The contribution of Claudia Goldin, an
Economics Professor at Harvard University indicates a foundation for the
present gap among genders. Articles of Goldin on gender gap and employment of
women point out that disparities seemed to begin with a shift towards economic
contributors from females as simple non-workers. Looking in the past, almost a
hundred years ago, the 1920s proved to be a period of significant economic
growth in the whole world. And not only it is recognized as the modern period
with critical economic developments, it also saw an improvement in the job
opportunities of women along with an increment in the participation of labor
force which continued to rise steadily.
During this period, most of the
females didn’t hold employment opportunities outside their house, and those who
grasped these opportunities were normally unmarried and young. Only twenty
percent of females were recognized as gainful workers, even though it is
significant to note that contributions of women to the economy have been
undervalued and understated beyond housekeeping and childrearing. Thus, it can
be said that from a long time now, the contributions of women have been
undervalued. But now, they have more influence now and they should take its
advantage.
In previous times, females weren’t
only kept out of the workforce, but out of wealth management and financial
decisions of their own families as well. And it was not rare for the young
females to hear the message that it was the responsibility of a man to manage
money. After educational, political, and social strides by 1970, about
forty-five percent of women, both unmarried and single, were taking a part in the
workforce as critical or gainful workers. In addition, it was not until the
later part of the twenty century that males were surpassed by females in the
labor force accounting for fifty-seven percent of the total population.

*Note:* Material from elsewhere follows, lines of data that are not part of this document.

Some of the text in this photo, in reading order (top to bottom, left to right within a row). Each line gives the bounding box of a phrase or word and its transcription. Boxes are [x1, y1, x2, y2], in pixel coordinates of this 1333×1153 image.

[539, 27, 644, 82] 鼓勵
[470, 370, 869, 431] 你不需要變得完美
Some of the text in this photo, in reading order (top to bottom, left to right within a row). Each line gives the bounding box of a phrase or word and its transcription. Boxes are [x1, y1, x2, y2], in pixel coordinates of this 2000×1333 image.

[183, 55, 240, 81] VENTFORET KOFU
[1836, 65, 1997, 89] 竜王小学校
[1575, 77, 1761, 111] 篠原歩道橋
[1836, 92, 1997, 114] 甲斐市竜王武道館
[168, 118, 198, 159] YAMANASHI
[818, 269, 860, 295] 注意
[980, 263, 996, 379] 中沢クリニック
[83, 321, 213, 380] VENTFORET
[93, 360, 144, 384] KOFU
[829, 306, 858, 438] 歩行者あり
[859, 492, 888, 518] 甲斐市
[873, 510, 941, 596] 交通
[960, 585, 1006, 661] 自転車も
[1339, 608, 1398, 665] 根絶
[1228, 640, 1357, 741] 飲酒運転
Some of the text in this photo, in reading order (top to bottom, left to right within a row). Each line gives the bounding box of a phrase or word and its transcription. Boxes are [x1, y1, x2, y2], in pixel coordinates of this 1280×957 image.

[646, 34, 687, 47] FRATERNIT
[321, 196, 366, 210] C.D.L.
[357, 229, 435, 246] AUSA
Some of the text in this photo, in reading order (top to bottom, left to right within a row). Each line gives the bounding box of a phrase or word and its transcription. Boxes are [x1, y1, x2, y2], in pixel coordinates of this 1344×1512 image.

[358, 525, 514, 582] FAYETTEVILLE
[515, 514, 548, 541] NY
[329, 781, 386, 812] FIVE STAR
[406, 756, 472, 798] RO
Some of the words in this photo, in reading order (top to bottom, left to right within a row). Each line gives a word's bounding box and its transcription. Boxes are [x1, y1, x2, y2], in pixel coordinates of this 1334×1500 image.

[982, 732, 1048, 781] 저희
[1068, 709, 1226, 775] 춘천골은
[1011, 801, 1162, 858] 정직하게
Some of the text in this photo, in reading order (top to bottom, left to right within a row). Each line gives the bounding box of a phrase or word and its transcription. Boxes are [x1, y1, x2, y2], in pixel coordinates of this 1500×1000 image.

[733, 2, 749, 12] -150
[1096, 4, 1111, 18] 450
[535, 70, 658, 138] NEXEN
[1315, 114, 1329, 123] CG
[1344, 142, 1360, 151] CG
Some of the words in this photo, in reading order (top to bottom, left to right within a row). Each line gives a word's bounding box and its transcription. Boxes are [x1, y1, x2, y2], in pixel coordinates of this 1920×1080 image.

Considering the fact that nearly a
century has been consumed by females to integrate themselves into the workforce
of the nation and earn wages separately from men, it is not that hard to
understand why the financial literacy and education has trailed behind. And now
that females have their own money to handle, a proper discussion is required
about reevaluating the generational and societal messages which have passed
down about money and women.
It was indicated by a
Canadian Statistics report that females do not feel they have the very same
level of confidence and financial literacy as men. It was determined by the report that
females were less likely to recognize themselves to be financially intellectual
than men. It was also revealed by the report that they are likely to state that
they have enough information and knowledge about investments for choosing the
right options which are suitable for their future and conditions. It is clear that a lot has yet to be performed for
improving the confidence and knowledge of women when it concerns their finance
management. Kelley Keehn, finance consumer and educator advocate with
FPSC stated that it is actually an opportunity of seeking education and growing
efficiently and laying the claim to financial independence.
However, as an
industry, it is possible to help. The financial education of women can be
supported through conversations and discussions with them. And as females get
more comfortable in this region, a greater control feeling will be gained by
them around the matters of finance. This confidence and knowledge will play a significant role in future
success in the lives of females.
What does it mean?
It
means that Canadian women now have more opportunities than ever to improve
their financial awareness and knowledge. Now, they have the resources to get an
education and weighing the benefits obtained by managing money, the initial
costs are nonexistent. In this book, we will be presenting a useful financial
tip in each chapter accompanied by real-life stories of women who adopted the
tip and how did they manage their budget to become successful. By becoming
capable of managing money and financial decisions of yourself and your family,
you can effective manage how you survive in society. In fact, if you are a
housewife, you can share the burden with your husband and participate in
managing the budget of your whole family. These are some of the numerous
advantages which you can achieve by gaining financial knowledge.